- 2016 Health Care Service Group Conference
- 14 December 2015
Conference has concerns in regards to the way Healthcare organisations are attempting to meet the safer staffing levels recommended by the Francis Report. Often organisations are meeting these staffing requirements by the use of poor or inadequate skill mixing which includes the use of unsatisfactory banding levels of agency and bank staff in most health settings. These staff are often inexperienced in clinical environments compared to the work they are required to do, leaving staff feeling vulnerable, harassed and under huge amounts of pressure and increasing low morale. Conference regards the health, safety and welfare of workers as paramount across the NHS. This leads to high attrition and poor recruitment rates and creates a downward spiral of inadequate staff provision leading to a self fulfilling prophecy.

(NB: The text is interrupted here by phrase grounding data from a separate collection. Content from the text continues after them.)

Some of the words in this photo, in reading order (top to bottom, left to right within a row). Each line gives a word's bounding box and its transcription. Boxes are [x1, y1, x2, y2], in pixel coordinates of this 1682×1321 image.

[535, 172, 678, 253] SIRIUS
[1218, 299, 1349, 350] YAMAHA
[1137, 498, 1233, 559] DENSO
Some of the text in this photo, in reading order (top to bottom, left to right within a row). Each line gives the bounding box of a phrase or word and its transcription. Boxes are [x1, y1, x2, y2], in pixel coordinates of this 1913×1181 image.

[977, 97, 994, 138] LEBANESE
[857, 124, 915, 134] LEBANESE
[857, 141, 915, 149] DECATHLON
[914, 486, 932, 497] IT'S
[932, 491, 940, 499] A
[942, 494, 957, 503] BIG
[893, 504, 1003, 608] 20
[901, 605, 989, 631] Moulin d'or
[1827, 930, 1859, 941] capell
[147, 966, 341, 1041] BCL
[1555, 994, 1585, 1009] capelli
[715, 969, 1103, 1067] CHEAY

For example, due to the increase in A&E attendances reported in the recent media this had led to an increase in outliers on wards. Often these outliers can be vulnerable mental health patients and/or drug/alcohol abusers. Clinical staff on wards are only trained to deal with their speciality and struggle to manage patients outside their remit. This happened prior to the cuts, however Conference is concerned that this has increased significantly due to increases in A&E attendances and cuts/privatisation of all levels of care particularly in mental health. Wards outside the speciality do seek support from specialist areas (i.e. mental health, alcohol/drug liaison). However, this support is reducing due to cuts and privatisation of services.
As a result clinical staff are overworked, stressed and have low morale, compounded by a failure of recognising staff’s hard effort with no real pay increase since this Government came to power in 2010.

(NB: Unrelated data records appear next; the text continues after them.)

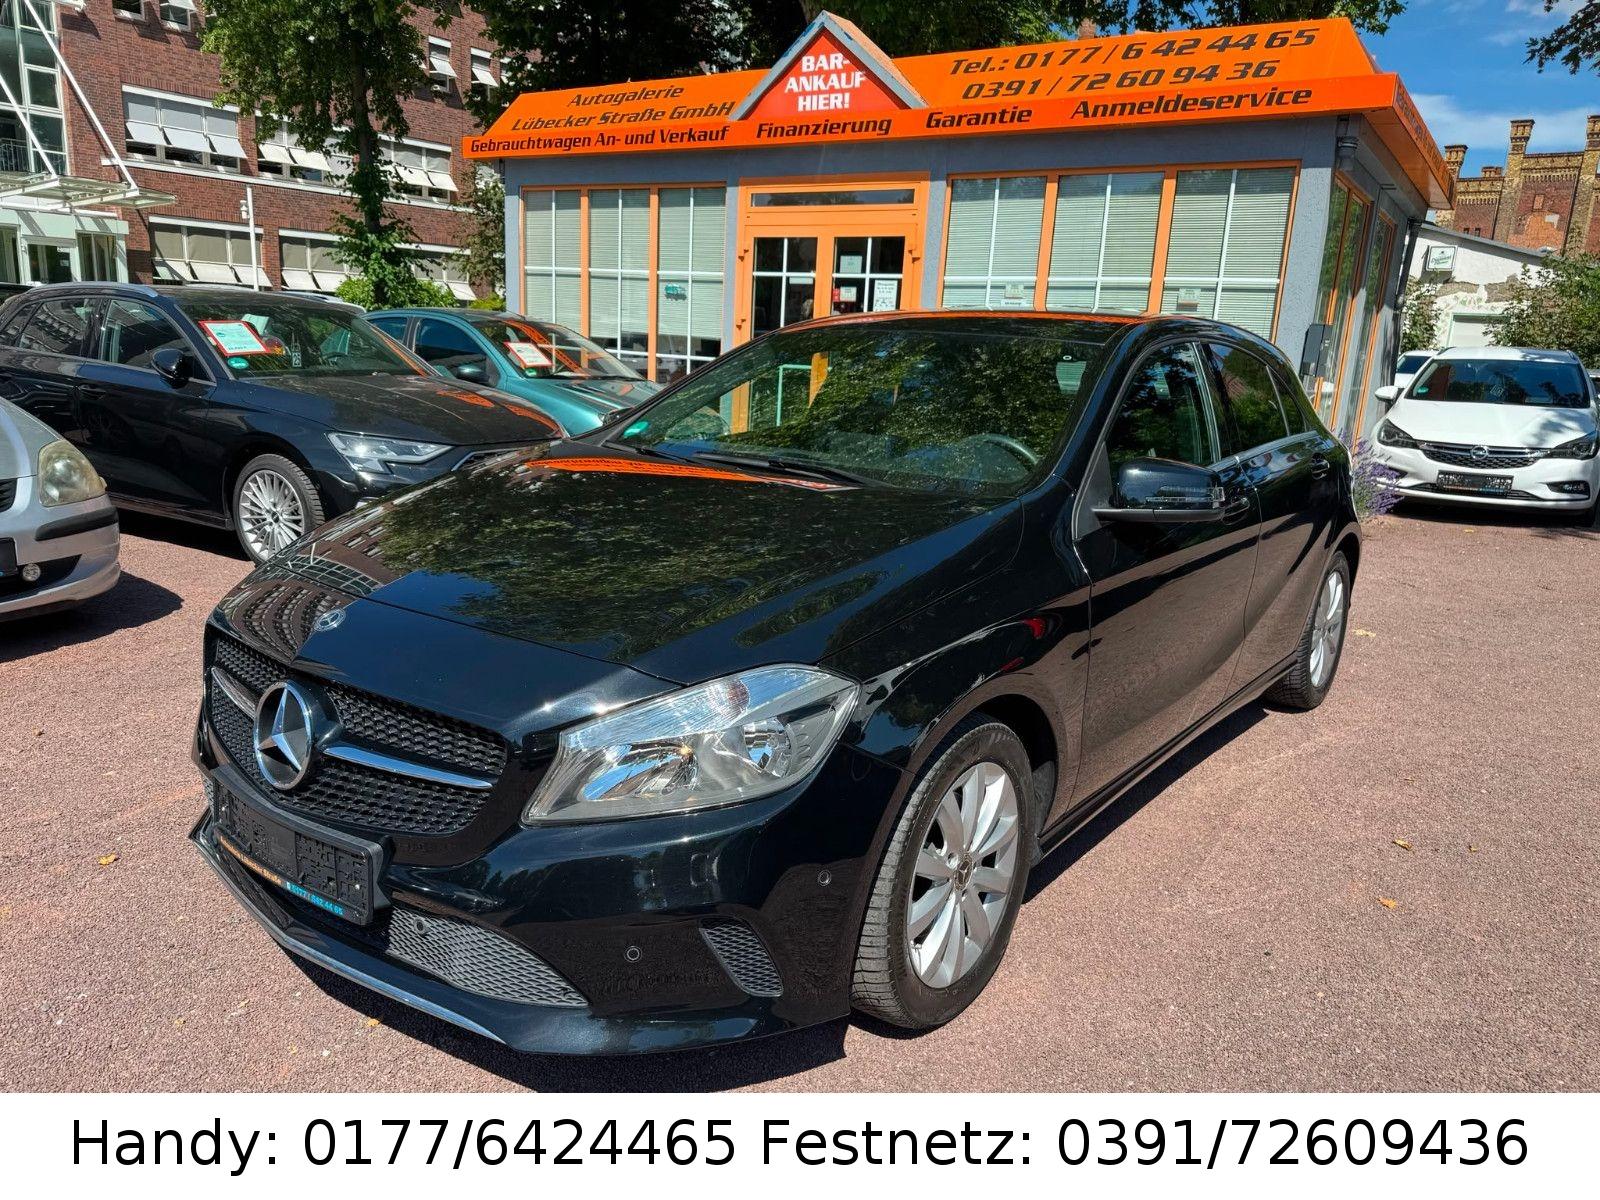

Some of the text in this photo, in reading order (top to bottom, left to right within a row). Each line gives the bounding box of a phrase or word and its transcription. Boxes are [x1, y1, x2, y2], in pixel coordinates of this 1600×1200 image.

[801, 52, 850, 72] BAR-
[950, 56, 1009, 75] Tel.:
[784, 70, 866, 93] ANKAUF
[962, 78, 1042, 100] 0391
[1067, 73, 1111, 92] 72
[1116, 69, 1165, 88] 60
[1169, 64, 1220, 84] 94
[1226, 59, 1280, 81] 36
[567, 84, 684, 107] Autogalerie
[797, 92, 850, 112] HIER!
[1070, 87, 1313, 119] Anmeldeservice
[511, 100, 736, 131] Lübecker Straße GmbH
[925, 105, 1033, 129] Garantie
[471, 126, 730, 152] Gebrauchtwagen An- und Verkauf
[756, 118, 892, 138] Finanzierung

As a result there has been a significant increase in:
• Stress at work
• Musculoskeletal injuries at work
• Harassment and bullying
• Sharps injuries
Conference believes the successful pursuit of health and safety legislation, regulations and practice in the workplace rest in large part on the efforts of unionised workplaces.
Conference recognises the attempts of the Department of Health to roll back health and safety provision.
Conference considers the role of UNISON health and safety representative has never been more important in the face of government’s public service austerity measures across the public and private sector for the NHS.
Conference understands safety reps can feel isolated at times in the face of the avalanche of cuts and changes and it acknowledges that local support for safety reps has never been more important in ensuring a continuing effective safety network across Health Branches.
Conference calls on the Health Service Group Executive to:
1)Instigate a research into the impact of austerity measures on health and safety representatives. This research should include:
a)The identification of the workload on Health Branches safety reps.
b)The employer’s response rate in tackling safety reps concerns, highlighting continuous no or poor responses.
c)The barriers health and safety representatives encounter whilst undertaking their duties in their NHS workplace.
d)The barriers placed on safety reps’ paid release to undertake trade union duties or training.
e)Identifying where safety reps are encountering restrictions and/or reductions in their involvement on safety matters by NHS employers. (Public and Private)
f)The growth or decline in workplace safety concerns in the NHS, as a consequence of austerity measures.
2) Carry out an appropriate review investigating the needs of UNISON Health Branches safety reps and the provision of local, regional support and resources.
3) Identify what other additional support could be offered to safety representatives, branches and regions.
4) This support could include but is not limited to:
a)Further training (examples East Midlands Region Branch Health H&S Officers such as Autumn Branch Officers training weekend, as well as promoting the Hazards Conference held annually at Keele University).
b)Supported campaigning on health and safety matters (example being Needlestick Injuries).
c)Local support mechanisms responsive to the personal and workplace needs of safety reps. (Example – Regional Health & Safety contacts points and notification of the Regional Health & Safety committee meetings).
d)The identification of suitable local resources to assist health and safety reps in their front line duties.
e)Ask for Health and Safety issues to be a regular agenda item for HSGE and Regional Health Committees.